Aug
27
2009

Wird Quentin Tarantino überbewertet?

Mit seinem neuen Film Inglorious Bastards ist die Debatte heiss wie nie zuvor. Für viele ist Tarantino ein Meister seines Fachs, für andere ein übertriebenen Regisseur ohne Tabus, der seinen Zenit schon lange überschritten hat. Nun ja, grundsätzlich hat jeder Mensch seine eigene Meinung aber bei Tarantino schein sich doch ein grosser Graben zwischen Befürwortern und Gegnern aufgetan zu haben. Während die eine Seite kaum mehr aus dem Loben heraus kommt, bleibt der anderen Fraktion das Popkorn im Hals stecken. Die einen begrüssen den lockeren Umgang mit Humor und der übertriebenen Gewalt, während andere schon von Leugnung des Holocaust sprechen. Ich persönlich habe den Film bisher leider noch nicht gesehen, möchte das aber nachholen.

Tarantino beginnt mit totalem Stillstand – und nimmt danach langsam das Tempo heraus. Ohne jedes Gefühl für Timing walzt er seine Geschichte geschlagene 160 Minuten lang über die Leinwand.

Mit der Regisseur-typischen Überzeugung, steht die letzte Zeile von Inglourious Bastards „Das könnte mein Meisterwerk sein“. Während das vielleicht nicht ganz stimmt, ist es dennoch ein umwerfender Film, der QT zurück in glänzender Form zeigt.

Die Kritiken könnten unterschiedlicher nicht sein.

Wie sah das in der Vergangenheit aus? Auch bei Grindhouse waren die Kritiken sehr gespalten, von gut bis ganz schlecht. Die zwei Filme sind aber meiner Meinung nach auch nicht wirklich zu vergleichen und einen Film der auf schlecht und alt gemacht ist möchte ich auch nicht wirklich bewerten. Mir hat Death Proof halt nicht so gefallen.

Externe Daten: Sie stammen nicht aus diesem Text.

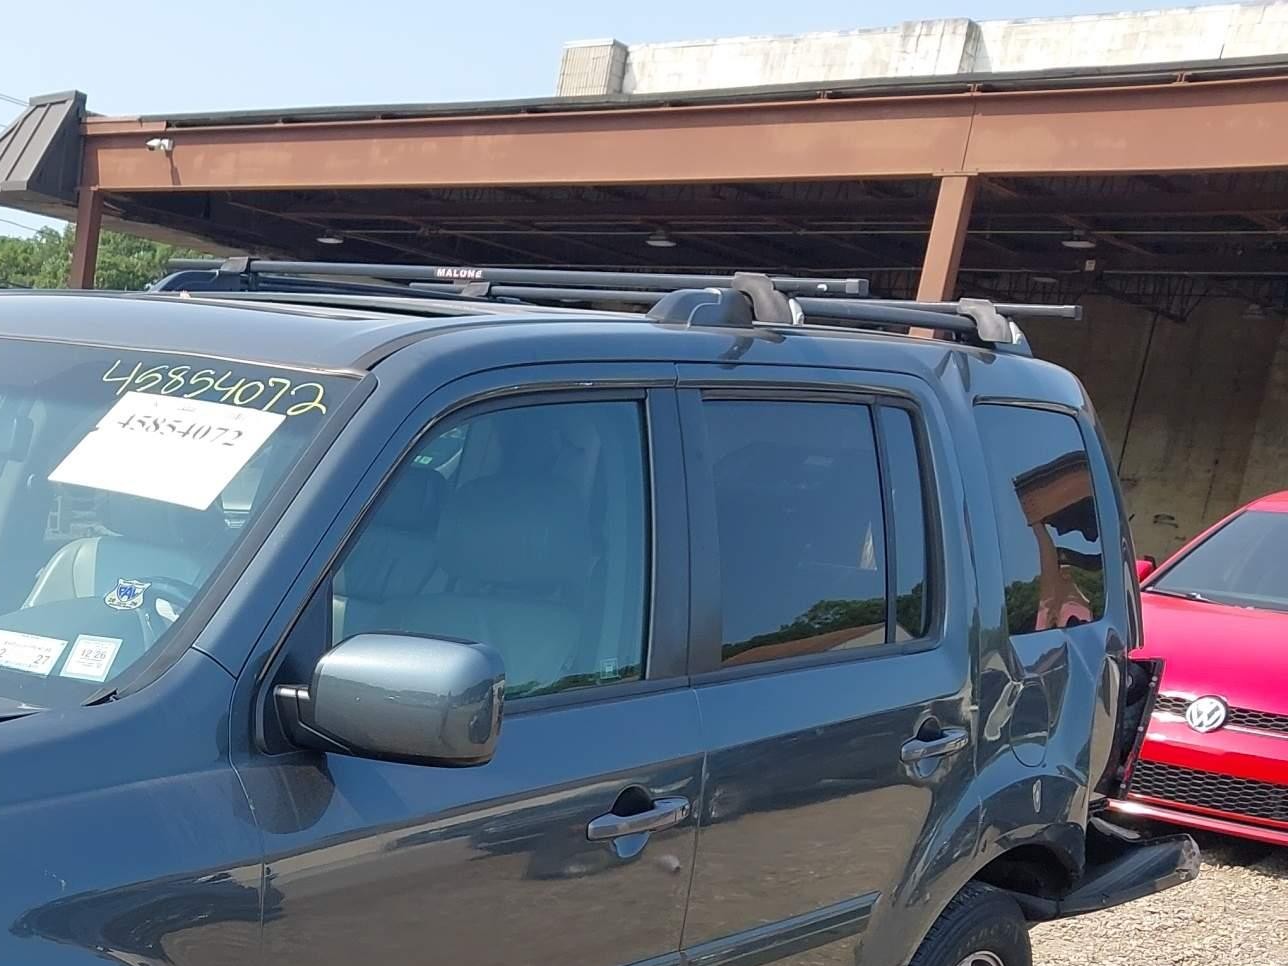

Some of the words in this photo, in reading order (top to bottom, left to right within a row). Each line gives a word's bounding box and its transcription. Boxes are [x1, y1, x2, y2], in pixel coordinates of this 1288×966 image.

[436, 268, 482, 278] MALONE
[102, 359, 327, 417] 45854072
[117, 413, 244, 447] 45854072
[33, 654, 51, 665] 27

Hätten wir also noch die alten Filme wie Pulp Fiction oder Jackie Brown. Sie alle haben ein gewisses Flair, das einem entweder gefällt oder man komplett ablehnt. Dieses Flair haben auch die neueren Tarantino-Filme noch. Übertriebene und selbstherrliche Gewaltszenen prägen oft das Bild. Dazu kommen meist relativ unsinnige Gespräche, welche zum Beispiel darum gehen, wie ein Hamburger in Frankreich genannt wird. Auch hier kann wieder gesagt werden, man mag den Film oder eben nicht.

Fazit meinerseits ist, dass Quentin Tarantino mit seiner Art Filme zu machen und zu zeigen eine ganz eigene Version der Darstellung hat, die irgendwie eine andere Seite der Personen und Geschehnisse zeigt. Man kann sich jeden Film von ihm ansehen, sie haben immer etwas sehr ähnliches und dieses erwähnte Flair mag man halt, dann mag man praktisch all seine Filme, oder man kann dem nichts abgewinnen und man lässt besser die Finger von Tarantino-Filmen. Und zwar von allen.